Alpine Gewässer muss man schützen, lautet ein weiterer Punkt. Mehr als 375.000 Stimmen sind 2019 bei der öffentlichen EU-Konsultation über die Beibehaltung der Wasserrahmenrichtlinie zusammengekommen. Dies sei ein großer Erfolg für die Initiative “Rette unser Wasser”, an der auch die Alpenvereine beteiligt sind und die nun die Politik in die Pflicht nimmt. Der umfassende Gewässerschutz sei ein europaweites Anliegen und dürfe nicht zugunsten wirtschaftlicher Interessen abgeschwächt werden!
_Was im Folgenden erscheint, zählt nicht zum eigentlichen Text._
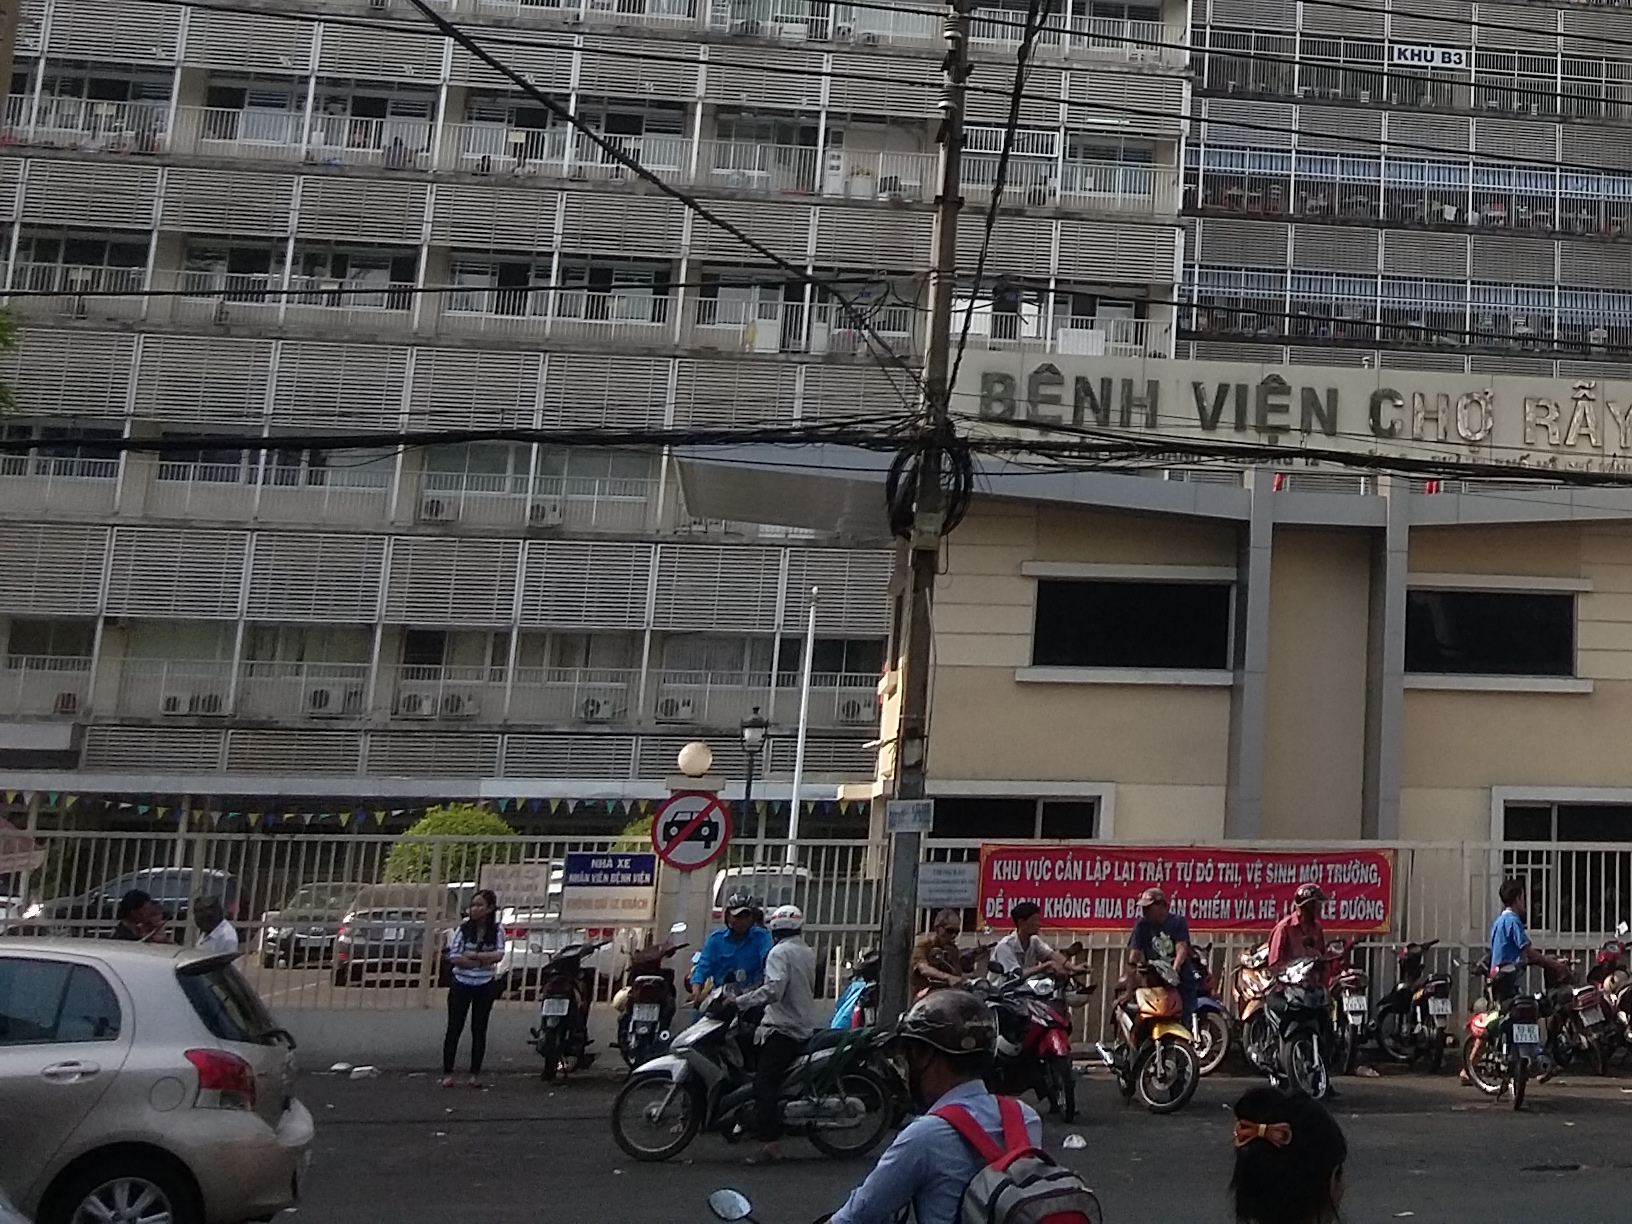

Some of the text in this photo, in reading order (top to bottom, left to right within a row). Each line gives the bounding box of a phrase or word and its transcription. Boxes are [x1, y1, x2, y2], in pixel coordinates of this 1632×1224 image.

Außerdem müsse eine Verkehrswende eingeleitet werden. „Die Alpen sind sowohl Tourismushochburg als auch Transitregion. Das Verkehrsaufkommen hat sich in den letzten Jahrzehnten vervielfacht. Bei der Verschiebung des Güterverkehrs auf die Schiene und beim Ausbau des öffentlichen Nahverkehrs im ländlichen Raum ist die Europapolitik mehr denn je gefordert.“
Warum die Alpen bis Brüssel reichen
Ein großer Teil von Europa profitiere von den Ressourcen, die in den Alpen verfügbar sind – etwa durch den immensen Wasservorrat und die damit verbundenen Nutzungen. „Wie es den Alpen geht, ist für ganz Europa wichtig, schließlich wirkt sich ihr Zustand auf den gesamten Kontinent aus – und umgekehrt“, sagt DAV-Vizepräsident Rudi Erlacher. ÖAV-Vizepräsident Dr. Andreas Ermacora ergänzt: „Die Alpen haben aber nicht nur einen ökologischen und ökonomischen Wert. Sie sind tief in der Kulturgeschichte Europas verwurzelt.“ Und AVS-Präsident Georg Simeoni fasst zusammen: „Wenn es den Alpen gut geht, geht es den Menschen in Europa gut.“ Die Alpenvereine in Südtirol, Österreich und Deutschland vertreten insgesamt rund zwei Millionen Mitglieder, verteilt auf viele europäische Länder. Sie sehen es als ihre gesellschaftliche Verantwortung, sich für die Alpen einzusetzen und die große Bedeutung der Alpen einer breiten Öffentlichkeit deutlich zu machen. Mit ihrer gemeinsamen Kampagne #UnsereAlpen tun sie genau das. Die Kampagne steht unter dem Motto: „Die Alpen sind schön. Noch. Es lohnt sich, dafür zu kämpfen.“ www.unsere-alpen.org
Darum sind die Alpen so wichtig: Zahlen und Fakten
· 500 Millionen Übernachtungen jährlich im gesamten Alpenraum, die von 150 Millionen Gästen gebucht werden
· 160 Millionen Skitage in den Alpen jährlich, das sind 43 Prozent der weltweiten Skitage.
· 39 Prozent aller Skilifte weltweit stehen in den Alpen.
· 10,4 Millionen LKW-Fahrten wurden 2016 im alpenquerenden Straßengüterverkehr gezählt. Das ist ein Anstieg um 66 Prozent im Vergleich zu 2007. Damals waren es 6,06 Millionen LKW-Fahrten.
· 1.019 Wasserkraftwerke mit einer Leistung von mehr als fünf Megawatt gibt es in den Alpen. Daraus resultiert ein jährliches Erzeugungsvermögen von 166 Terawattstunden. Die gesamte Stadt München verbraucht etwa 7,5 Terawattstunden pro Jahr. Die Alpen sind die wichtigste Wasserkraftregion in Europa.
· 128 Meter hat das Vilgratenkees in der Venedigergruppe im Sommer 2018 an Länge einbüßt. Es war damit laut dem Gletscherbericht des ÖAV der österreichische Rekordhalter eines ohnehin rekordverdächtigen Jahres, in dem die alpinen Eismassen durchschnittlich 17,2 Meter an Länge verloren.
· 2 Grad Celsius ist es heute in den Alpen im Jahresmittel ungefähr wärmer als Ende des 19. Jahrhunderts. Damit stiegen die Temperaturen im Alpenraum in diesem Zeitraum ungefähr doppelt so stark an wie im Vergleich zum globalen Mittel.
· 13.000 Pflanzenarten kommen in den Alpen vor, neben 30.000 Tierarten. Laut WWF machen die in den Alpen beheimateten Gefäßpflanzenarten 39 Prozent der europäischen Flora aus. Selbst in den unwirtlich wirkenden hochalpinen Graslandschaften wachsen auf 100 Quadratmetern bis zu 80 Arten.
· Acht europäische Staaten haben einen Anteil an den Alpen. Eine gemeinsame Strategie ist in der Alpenkonvention formuliert. Dieses Übereinkommen haben alle Alpenstaaten und die EU “zum umfassenden Schutz und zur nachhaltigen Entwicklung der Alpen” unterzeichnet.